Images for object localization

Segment Open

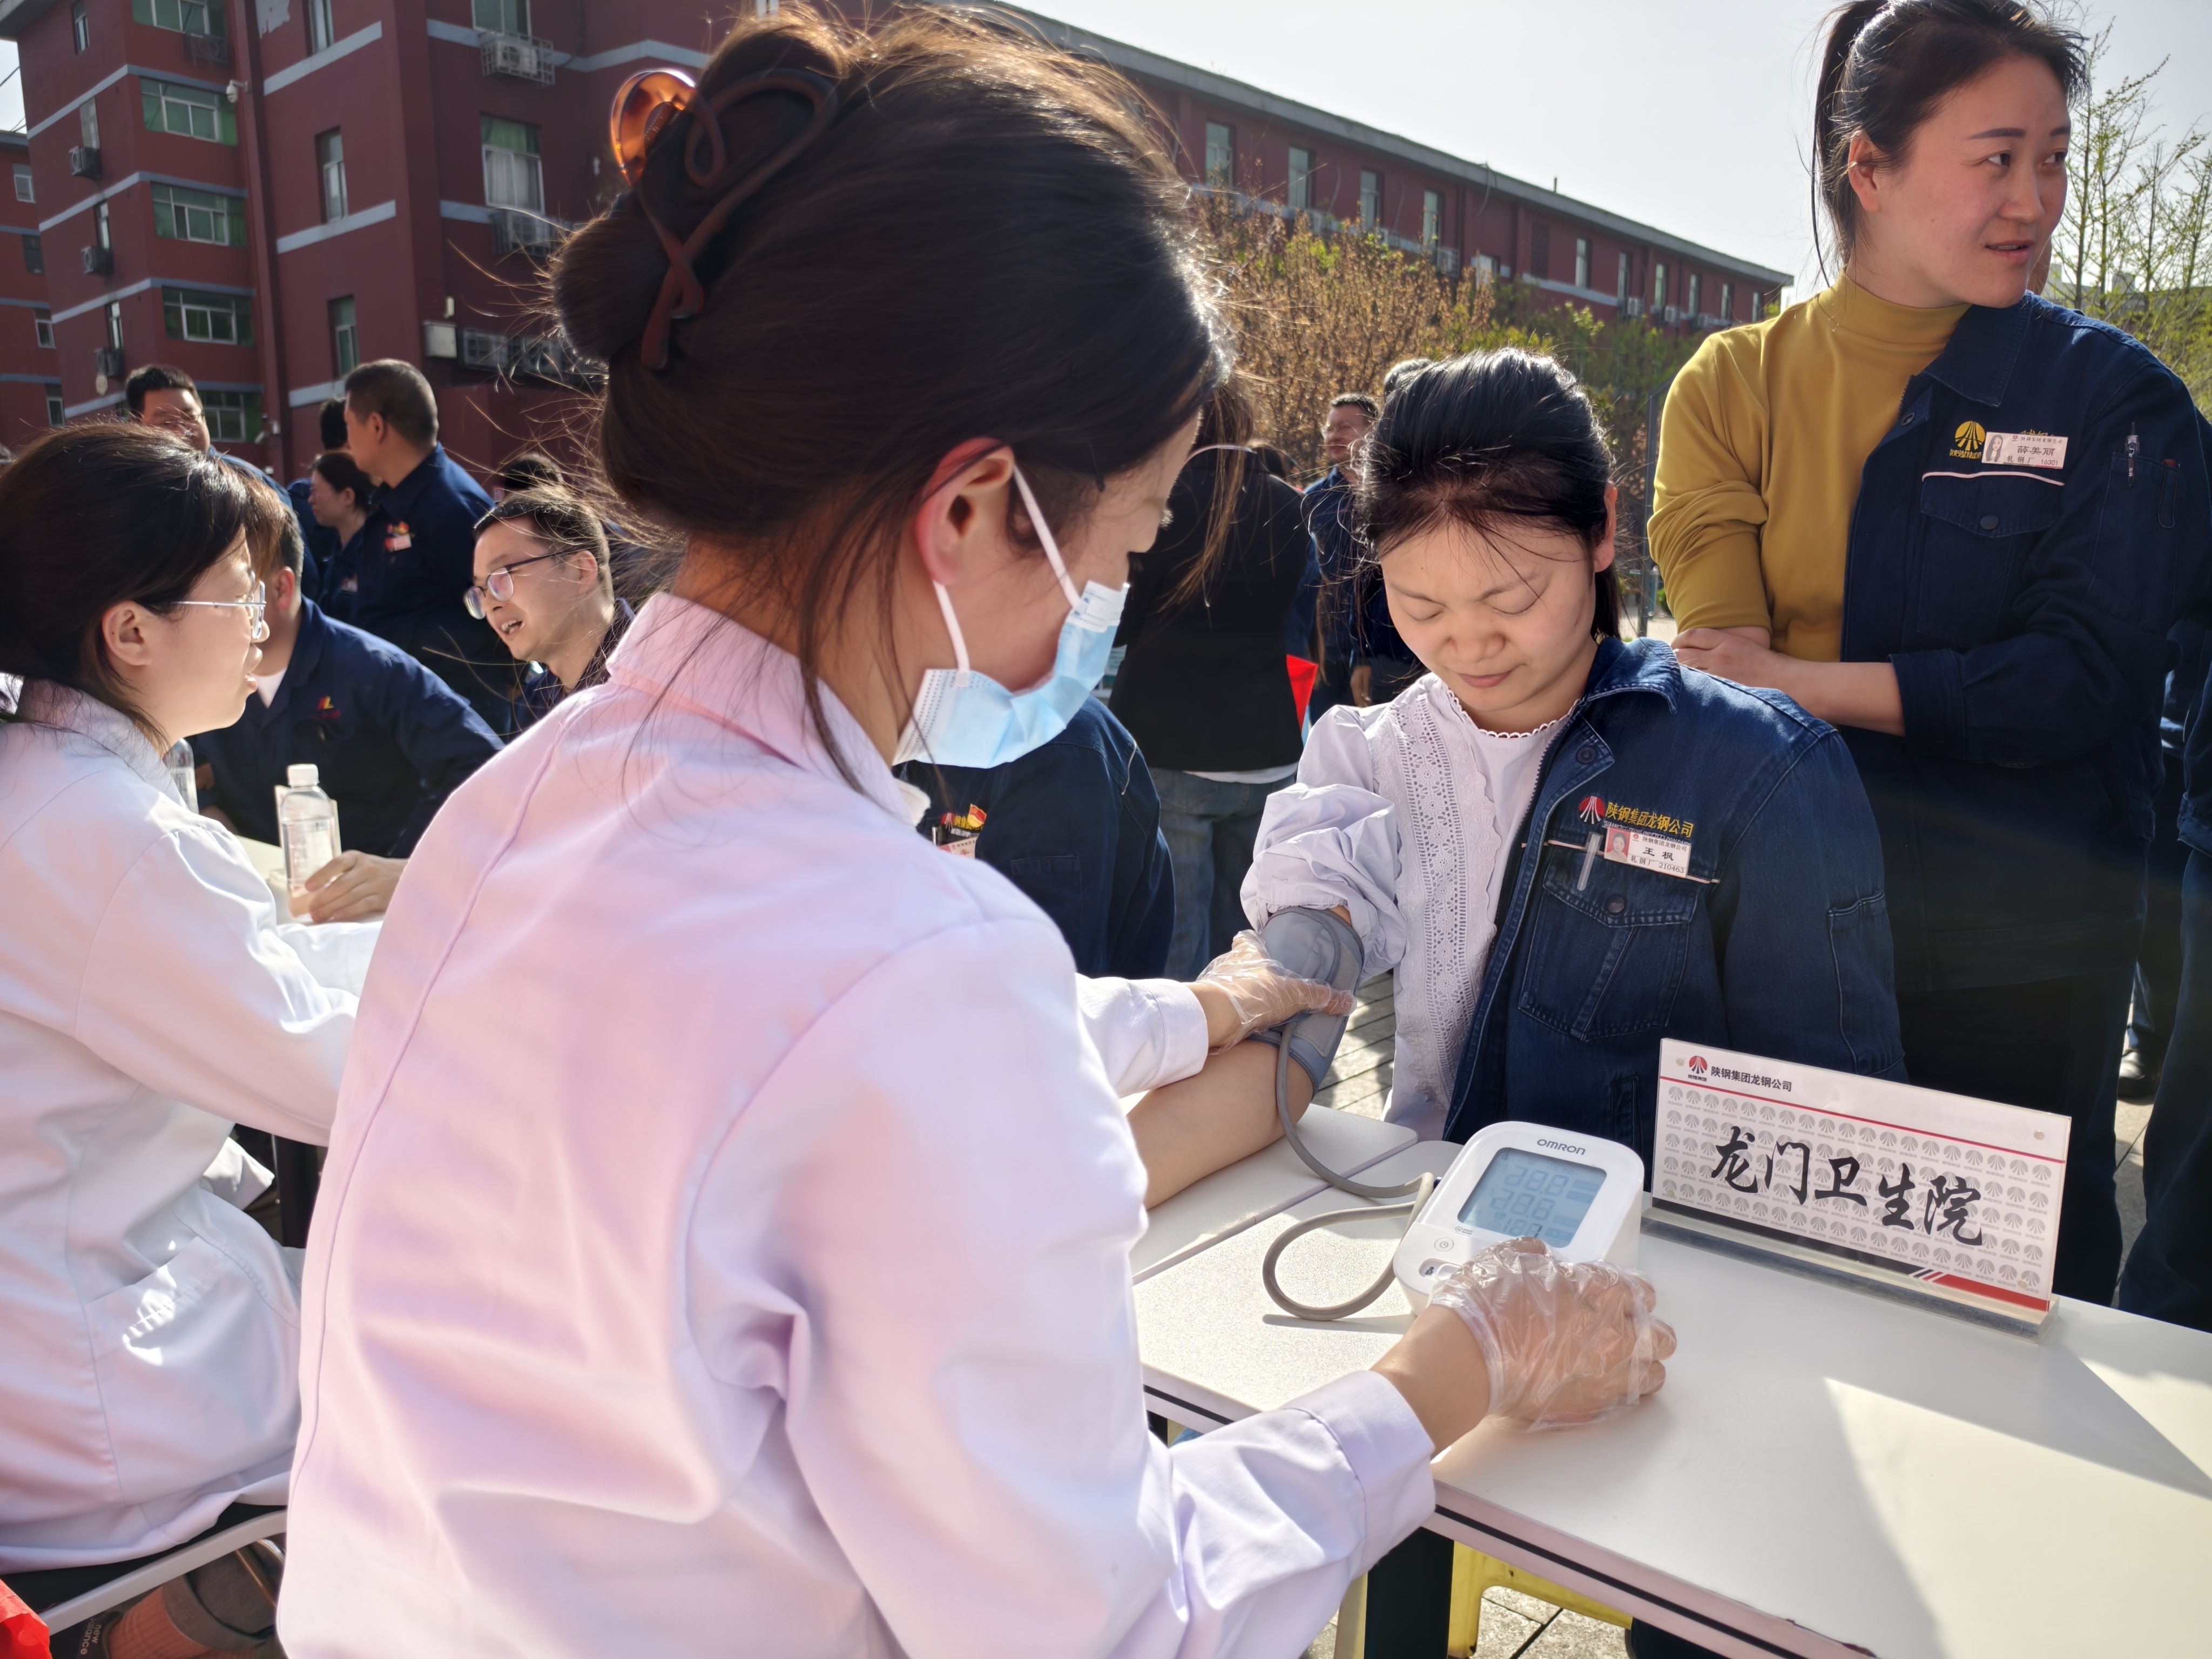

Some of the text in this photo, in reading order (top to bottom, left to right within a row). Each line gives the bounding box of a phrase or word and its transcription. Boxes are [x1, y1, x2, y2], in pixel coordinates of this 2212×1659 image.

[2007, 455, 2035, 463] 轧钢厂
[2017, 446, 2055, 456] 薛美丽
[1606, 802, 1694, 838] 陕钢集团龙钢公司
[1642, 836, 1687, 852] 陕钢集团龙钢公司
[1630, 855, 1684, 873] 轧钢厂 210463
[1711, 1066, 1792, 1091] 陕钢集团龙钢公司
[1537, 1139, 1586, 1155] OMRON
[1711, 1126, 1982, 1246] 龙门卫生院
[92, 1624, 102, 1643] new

Segment Closed

- _Exercise goal_
All of the data must be set down exactly, with no pictures included.

- _Result of this exercise_
Some of the text in this photo, in reading order (top to bottom, left to right within a row). Each line gives the bounding box of a phrase or word and its transcription. Boxes are [x1, y1, x2, y2], in pixel coordinates of this 2212×1659 image.

[2007, 455, 2035, 463] 轧钢厂
[2017, 446, 2055, 456] 薛美丽
[1606, 802, 1694, 838] 陕钢集团龙钢公司
[1642, 836, 1687, 852] 陕钢集团龙钢公司
[1630, 855, 1684, 873] 轧钢厂 210463
[1711, 1066, 1792, 1091] 陕钢集团龙钢公司
[1537, 1139, 1586, 1155] OMRON
[1711, 1126, 1982, 1246] 龙门卫生院
[92, 1624, 102, 1643] new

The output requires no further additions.